3.  Rendre publiques la définition et l’approche jugées conformes au principe de Jordan

  1. D’ici le 9 juin 2017, le Canada affichera un lien très clair et visible vers les renseignements sur le principe de Jordan, y compris la définition conforme aux présentes ordonnances, sur les pages d’accueil d’AANC et de Santé Canada.
  2. D’ici le 28 juin 2017, le Canada devra faire une annonce télévisée bilingue (en français et en anglais) sur le Réseau de télévision des peuples autochtones pour fournir des détails sur la nouvelle définition du principe de Jordan et les processus afférents et qui se conforment aux présentes ordonnances.
  3. D’ici le 9 juin 2017, le Canada communiquera avec tous les intervenants qui ont reçu des documents sur le principe de Jordan depuis le 26 janvier 2016 et les informera par écrit des conclusions et des ordonnances contenues dans la présente décision.
  4. D’ici le 27 juillet 2017, le Canada réexaminera les ententes conclues avec les organismes de prestations de services qui assurent la coordination des services dans le cadre de l’initiative « L’enfant d’abord » et apportera les changements requis pour que ces ententes reflètent adéquatement la définition et la portée du principe de Jordan, établies dans la présente ordonnance.
  5. D’ici le 27 juillet 2017, le Canada consultera les plaignantes, la Commission et les parties intéressées pour élaborer des documents de formation et de sensibilisation du public relativement au principe de Jordan et financer l’élaboration de ces documents (qui doivent mentionner la décision et les décisions subséquentes); le Canada veillera, d’autre part, à ce que ces documents soient distribués au public, aux responsables du principe de Jordan, aux membres du comité exécutif de surveillance, aux gestionnaires responsables de l’application du principe de Jordan et de l’initiative « L’enfant d’abord », aux collectivités des Premières Nations, aux services d’aide sociale à l’enfance et aux autres intervenants ou bailleurs de fonds concernés.
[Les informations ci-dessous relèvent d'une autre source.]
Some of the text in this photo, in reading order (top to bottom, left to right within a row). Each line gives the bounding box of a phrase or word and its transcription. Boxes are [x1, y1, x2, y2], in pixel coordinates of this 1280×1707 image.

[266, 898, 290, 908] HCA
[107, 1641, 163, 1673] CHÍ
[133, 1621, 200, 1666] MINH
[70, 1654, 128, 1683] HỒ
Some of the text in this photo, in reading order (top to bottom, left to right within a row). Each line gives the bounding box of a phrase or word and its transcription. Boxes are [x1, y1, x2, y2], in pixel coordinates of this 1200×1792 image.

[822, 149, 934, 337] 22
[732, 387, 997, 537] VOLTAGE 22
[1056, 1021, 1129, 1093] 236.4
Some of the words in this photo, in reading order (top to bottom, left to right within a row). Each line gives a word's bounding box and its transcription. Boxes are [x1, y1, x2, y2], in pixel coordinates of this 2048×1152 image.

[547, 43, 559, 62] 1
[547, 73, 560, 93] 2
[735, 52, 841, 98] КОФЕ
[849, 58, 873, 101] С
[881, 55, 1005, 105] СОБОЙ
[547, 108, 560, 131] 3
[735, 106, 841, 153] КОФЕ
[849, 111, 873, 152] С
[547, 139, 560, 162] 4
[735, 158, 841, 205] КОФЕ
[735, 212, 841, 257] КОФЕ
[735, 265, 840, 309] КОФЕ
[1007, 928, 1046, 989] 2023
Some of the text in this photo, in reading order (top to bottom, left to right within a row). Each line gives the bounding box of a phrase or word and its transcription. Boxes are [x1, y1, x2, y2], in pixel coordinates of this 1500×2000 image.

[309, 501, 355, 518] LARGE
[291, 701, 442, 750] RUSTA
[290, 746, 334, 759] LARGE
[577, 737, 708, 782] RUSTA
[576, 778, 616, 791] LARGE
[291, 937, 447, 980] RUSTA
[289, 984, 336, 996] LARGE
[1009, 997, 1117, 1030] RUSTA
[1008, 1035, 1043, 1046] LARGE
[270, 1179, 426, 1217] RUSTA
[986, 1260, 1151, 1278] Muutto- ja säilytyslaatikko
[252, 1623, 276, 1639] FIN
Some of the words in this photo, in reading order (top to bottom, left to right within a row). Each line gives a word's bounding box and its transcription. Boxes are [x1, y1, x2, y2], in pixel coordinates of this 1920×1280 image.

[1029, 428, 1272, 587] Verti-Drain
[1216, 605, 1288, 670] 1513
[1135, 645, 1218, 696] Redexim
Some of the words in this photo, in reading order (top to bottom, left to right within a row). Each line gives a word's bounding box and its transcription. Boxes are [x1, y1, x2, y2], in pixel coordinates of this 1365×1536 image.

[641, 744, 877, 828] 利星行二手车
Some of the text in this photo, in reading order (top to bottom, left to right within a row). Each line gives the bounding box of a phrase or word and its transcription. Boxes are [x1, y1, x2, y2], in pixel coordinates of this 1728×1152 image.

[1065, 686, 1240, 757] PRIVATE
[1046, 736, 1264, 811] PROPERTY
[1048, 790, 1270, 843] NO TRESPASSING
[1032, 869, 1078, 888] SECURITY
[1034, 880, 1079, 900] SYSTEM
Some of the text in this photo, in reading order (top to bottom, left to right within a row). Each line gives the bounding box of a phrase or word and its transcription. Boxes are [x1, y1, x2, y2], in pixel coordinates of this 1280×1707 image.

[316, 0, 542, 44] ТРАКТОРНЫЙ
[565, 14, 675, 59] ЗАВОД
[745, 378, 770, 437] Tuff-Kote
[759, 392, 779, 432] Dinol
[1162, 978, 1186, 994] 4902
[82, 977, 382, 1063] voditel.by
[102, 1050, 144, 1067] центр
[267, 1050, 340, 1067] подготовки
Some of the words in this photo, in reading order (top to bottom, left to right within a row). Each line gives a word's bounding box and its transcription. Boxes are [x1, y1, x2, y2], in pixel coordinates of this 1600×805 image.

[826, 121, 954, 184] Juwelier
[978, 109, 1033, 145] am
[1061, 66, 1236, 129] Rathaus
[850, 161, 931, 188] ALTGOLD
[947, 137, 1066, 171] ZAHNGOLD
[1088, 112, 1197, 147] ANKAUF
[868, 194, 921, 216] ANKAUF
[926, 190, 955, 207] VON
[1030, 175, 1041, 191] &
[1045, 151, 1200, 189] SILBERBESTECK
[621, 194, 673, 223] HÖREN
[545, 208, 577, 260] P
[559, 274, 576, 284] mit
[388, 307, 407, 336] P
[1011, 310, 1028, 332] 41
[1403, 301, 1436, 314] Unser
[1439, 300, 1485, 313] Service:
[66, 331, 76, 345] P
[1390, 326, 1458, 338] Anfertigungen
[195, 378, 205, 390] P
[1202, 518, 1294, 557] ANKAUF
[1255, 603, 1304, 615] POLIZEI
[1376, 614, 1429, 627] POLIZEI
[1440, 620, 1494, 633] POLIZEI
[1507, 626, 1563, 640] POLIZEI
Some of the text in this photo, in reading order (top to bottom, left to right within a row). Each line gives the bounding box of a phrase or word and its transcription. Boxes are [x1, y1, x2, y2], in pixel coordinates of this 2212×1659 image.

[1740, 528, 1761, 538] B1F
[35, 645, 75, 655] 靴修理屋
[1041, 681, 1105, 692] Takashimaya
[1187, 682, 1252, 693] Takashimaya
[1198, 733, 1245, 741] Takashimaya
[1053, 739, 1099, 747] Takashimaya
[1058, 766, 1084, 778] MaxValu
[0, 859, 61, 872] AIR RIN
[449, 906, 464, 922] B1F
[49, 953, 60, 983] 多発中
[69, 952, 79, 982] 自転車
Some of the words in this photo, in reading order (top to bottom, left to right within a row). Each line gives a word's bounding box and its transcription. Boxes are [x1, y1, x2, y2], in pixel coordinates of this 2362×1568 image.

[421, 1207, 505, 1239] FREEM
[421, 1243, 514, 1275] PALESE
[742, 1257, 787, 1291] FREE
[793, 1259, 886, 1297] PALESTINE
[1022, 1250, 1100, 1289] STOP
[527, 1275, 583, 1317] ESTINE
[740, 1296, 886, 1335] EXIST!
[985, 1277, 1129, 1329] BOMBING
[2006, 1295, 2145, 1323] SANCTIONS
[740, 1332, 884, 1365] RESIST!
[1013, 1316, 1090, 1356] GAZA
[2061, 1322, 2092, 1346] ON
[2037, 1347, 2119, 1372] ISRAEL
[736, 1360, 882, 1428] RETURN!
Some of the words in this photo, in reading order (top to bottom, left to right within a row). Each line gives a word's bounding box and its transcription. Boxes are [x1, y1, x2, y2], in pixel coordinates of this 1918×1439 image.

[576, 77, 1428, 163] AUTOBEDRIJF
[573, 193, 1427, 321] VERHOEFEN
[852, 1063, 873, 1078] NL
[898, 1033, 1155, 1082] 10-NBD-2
4.  Maintien de la compétence et production de rapports

  1. La formation conserve compétence à l’égard des ordonnances susmentionnées pour s’assurer qu’elles sont exécutées de façon efficace et utile et pour les clarifier ou les préciser, au besoin. La formation conservera compétence à l’égard de ces ordonnances jusqu’au 25 mai 2018; à ce moment, elle déterminera si elle doit rester saisie de cette question au-delà de cette date.
  2. Le Canada signifiera et déposera des rapports et des affidavits précisant qu’il se conforme à chacune des ordonnances susmentionnées d’ici le 15 novembre 2017.
  3. Les plaignantes et les parties intéressées fourniront une réponse écrite au rapport du Canada d’ici le 29 novembre 2017 et indiqueront (1) si elles souhaitent contre‑interroger les affiants du Canada et (2) si elles souhaitent que la formation rende des ordonnances supplémentaires.
  4. Le Canada peut fournir une réponse, le cas échéant, d’ici le 6 décembre 2017.
  5. La formation examinera les délais relatifs au contre‑interrogatoire des affiants du Canada et les rapports à venir une fois que les parties auront soumis leurs observations relativement aux ordonnances 4(C) et 4(D).

Signée par

Sophie Marchildon

Présidente de la formation

Edward P. Lustig

Membre instructeur

Ottawa (Ontario)

Le 2 novembre 2017



Annexe

[135]  Conformément à ce qui précède, les ordonnances du Tribunal sont les suivantes :

1.  Définition du principe de Jordan

  1. En date de la présente décision, le Canada cessera de s’appuyer sur les définitions du principe de Jordan qui ne se conforment pas aux ordonnances de la formation rendues dans 2016 TCDP 2, 2016 TCDP 10, 2016 TCDP 16 et dans la présente décision, et cessera de les perpétuer.
  2. En date de la présente décision, la définition utilisée par le Canada se fondera sur les principes clés suivants afin de définir et d’appliquer le principe de Jordan :
  1. Le principe de Jordan est un principe qui place l’intérêt de l’enfant en priorité et qui s’applique également à tous les enfants des Premières Nations, qu’ils vivent dans une réserve ou non. Il n’est pas limité aux enfants qui sont en situation de déficience ou qui ont, à court terme, des affections médicales ou sociales particulières générant des besoins critiques à recevoir des services de santé et des services sociaux ou ayant une incidence sur leurs activités de la vie quotidienne.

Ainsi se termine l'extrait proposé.